**Aim of the task**
Give the entries again exactly; drop the pictures.
========================
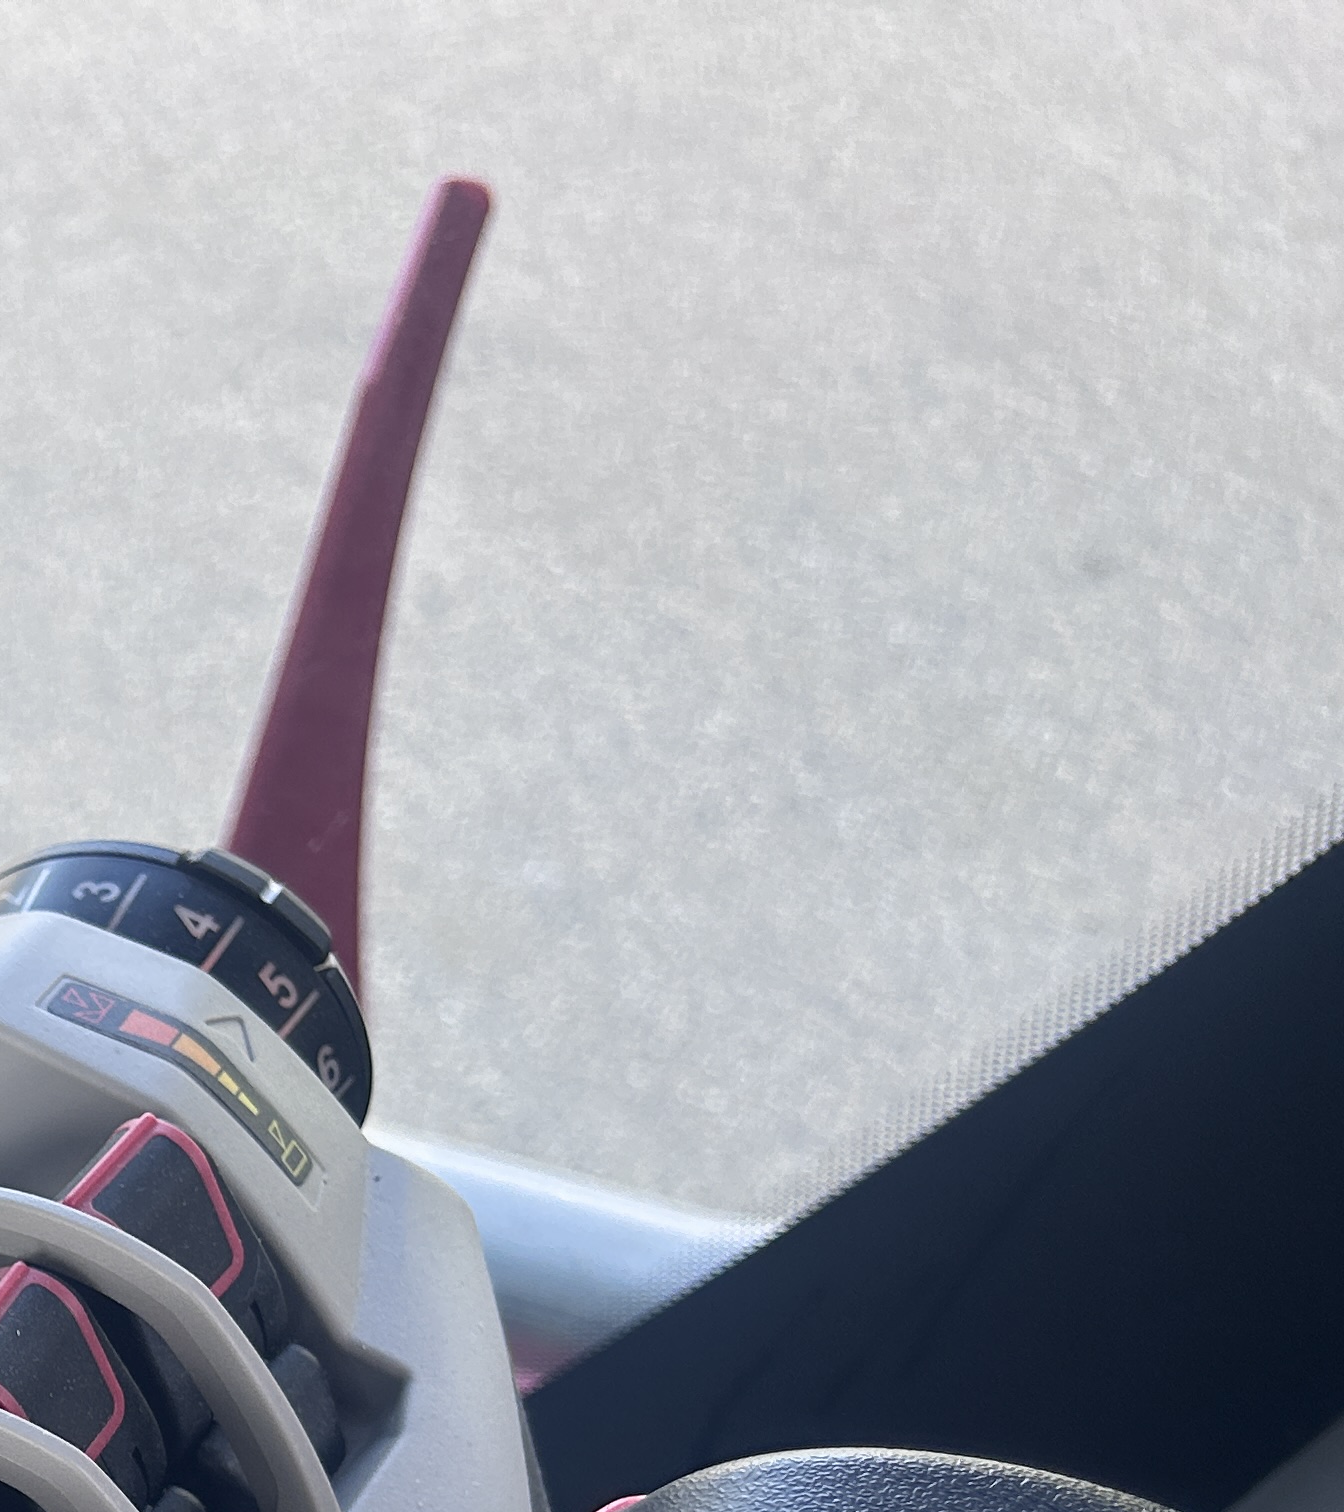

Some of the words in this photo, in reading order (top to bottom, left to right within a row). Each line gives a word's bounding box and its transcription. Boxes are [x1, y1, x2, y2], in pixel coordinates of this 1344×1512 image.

[72, 880, 121, 903] 3
[174, 904, 221, 940] 4
[258, 961, 299, 1008] 5
[316, 1044, 340, 1090] 6
========================
**Final answer**
Some of the words in this photo, in reading order (top to bottom, left to right within a row). Each line gives a word's bounding box and its transcription. Boxes are [x1, y1, x2, y2], in pixel coordinates of this 1344×1512 image.

[72, 880, 121, 903] 3
[174, 904, 221, 940] 4
[258, 961, 299, 1008] 5
[316, 1044, 340, 1090] 6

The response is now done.